(Text-to-region grounding data)
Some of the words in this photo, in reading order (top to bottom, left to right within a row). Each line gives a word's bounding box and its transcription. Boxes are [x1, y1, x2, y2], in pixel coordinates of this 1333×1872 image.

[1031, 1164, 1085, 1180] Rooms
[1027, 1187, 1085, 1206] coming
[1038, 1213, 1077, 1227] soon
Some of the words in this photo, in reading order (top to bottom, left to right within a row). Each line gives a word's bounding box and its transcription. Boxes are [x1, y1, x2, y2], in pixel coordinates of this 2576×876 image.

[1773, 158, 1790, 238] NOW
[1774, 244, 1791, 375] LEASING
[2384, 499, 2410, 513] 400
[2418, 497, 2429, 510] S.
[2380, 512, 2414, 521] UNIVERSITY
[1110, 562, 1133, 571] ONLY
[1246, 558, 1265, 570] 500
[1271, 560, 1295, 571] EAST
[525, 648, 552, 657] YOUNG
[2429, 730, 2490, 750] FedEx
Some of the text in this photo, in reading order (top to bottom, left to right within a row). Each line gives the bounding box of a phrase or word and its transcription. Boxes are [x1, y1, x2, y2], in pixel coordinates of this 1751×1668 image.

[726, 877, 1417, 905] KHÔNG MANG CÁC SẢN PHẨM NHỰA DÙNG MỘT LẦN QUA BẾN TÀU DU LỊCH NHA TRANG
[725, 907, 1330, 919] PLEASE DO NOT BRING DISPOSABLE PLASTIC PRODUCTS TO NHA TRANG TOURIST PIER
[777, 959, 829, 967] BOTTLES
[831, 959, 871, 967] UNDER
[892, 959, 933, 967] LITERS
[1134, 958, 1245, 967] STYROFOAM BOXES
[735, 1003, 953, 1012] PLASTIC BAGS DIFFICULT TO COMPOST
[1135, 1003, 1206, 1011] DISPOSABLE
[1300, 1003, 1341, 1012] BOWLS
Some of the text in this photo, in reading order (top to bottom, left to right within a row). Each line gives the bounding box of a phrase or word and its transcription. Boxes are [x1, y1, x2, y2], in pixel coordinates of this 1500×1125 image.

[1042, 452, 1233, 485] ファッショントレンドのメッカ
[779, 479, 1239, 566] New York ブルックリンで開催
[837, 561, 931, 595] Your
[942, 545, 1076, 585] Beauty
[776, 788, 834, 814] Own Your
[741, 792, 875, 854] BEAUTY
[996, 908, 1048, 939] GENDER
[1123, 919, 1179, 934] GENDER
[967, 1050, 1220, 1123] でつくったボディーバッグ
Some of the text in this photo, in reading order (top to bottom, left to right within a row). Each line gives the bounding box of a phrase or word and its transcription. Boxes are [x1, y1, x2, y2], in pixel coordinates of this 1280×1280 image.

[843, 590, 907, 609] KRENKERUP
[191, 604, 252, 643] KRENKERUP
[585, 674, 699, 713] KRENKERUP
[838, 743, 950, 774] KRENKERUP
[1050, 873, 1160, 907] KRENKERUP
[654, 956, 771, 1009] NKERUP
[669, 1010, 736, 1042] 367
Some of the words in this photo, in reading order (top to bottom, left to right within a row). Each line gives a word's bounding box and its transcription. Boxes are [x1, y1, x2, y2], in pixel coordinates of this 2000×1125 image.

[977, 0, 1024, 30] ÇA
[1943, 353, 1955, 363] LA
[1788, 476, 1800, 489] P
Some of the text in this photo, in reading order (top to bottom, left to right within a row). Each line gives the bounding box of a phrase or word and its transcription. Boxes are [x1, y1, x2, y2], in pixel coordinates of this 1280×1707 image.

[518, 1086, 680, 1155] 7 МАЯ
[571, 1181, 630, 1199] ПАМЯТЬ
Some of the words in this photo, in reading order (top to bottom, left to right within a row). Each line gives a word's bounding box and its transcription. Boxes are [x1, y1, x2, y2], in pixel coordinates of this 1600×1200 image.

*What to do:*
Reproduce, word for word, every line starting at the line that contains "this 1500×1125 image." and ending with the final line of the entries.

*Exercise solution:*
Some of the text in this photo, in reading order (top to bottom, left to right within a row). Each line gives the bounding box of a phrase or word and its transcription. Boxes are [x1, y1, x2, y2], in pixel coordinates of this 1500×1125 image.

[1042, 452, 1233, 485] ファッショントレンドのメッカ
[779, 479, 1239, 566] New York ブルックリンで開催
[837, 561, 931, 595] Your
[942, 545, 1076, 585] Beauty
[776, 788, 834, 814] Own Your
[741, 792, 875, 854] BEAUTY
[996, 908, 1048, 939] GENDER
[1123, 919, 1179, 934] GENDER
[967, 1050, 1220, 1123] でつくったボディーバッグ
Some of the text in this photo, in reading order (top to bottom, left to right within a row). Each line gives the bounding box of a phrase or word and its transcription. Boxes are [x1, y1, x2, y2], in pixel coordinates of this 1280×1280 image.

[843, 590, 907, 609] KRENKERUP
[191, 604, 252, 643] KRENKERUP
[585, 674, 699, 713] KRENKERUP
[838, 743, 950, 774] KRENKERUP
[1050, 873, 1160, 907] KRENKERUP
[654, 956, 771, 1009] NKERUP
[669, 1010, 736, 1042] 367
Some of the words in this photo, in reading order (top to bottom, left to right within a row). Each line gives a word's bounding box and its transcription. Boxes are [x1, y1, x2, y2], in pixel coordinates of this 2000×1125 image.

[977, 0, 1024, 30] ÇA
[1943, 353, 1955, 363] LA
[1788, 476, 1800, 489] P
Some of the text in this photo, in reading order (top to bottom, left to right within a row). Each line gives the bounding box of a phrase or word and its transcription. Boxes are [x1, y1, x2, y2], in pixel coordinates of this 1280×1707 image.

[518, 1086, 680, 1155] 7 МАЯ
[571, 1181, 630, 1199] ПАМЯТЬ
Some of the words in this photo, in reading order (top to bottom, left to right within a row). Each line gives a word's bounding box and its transcription. Boxes are [x1, y1, x2, y2], in pixel coordinates of this 1600×1200 image.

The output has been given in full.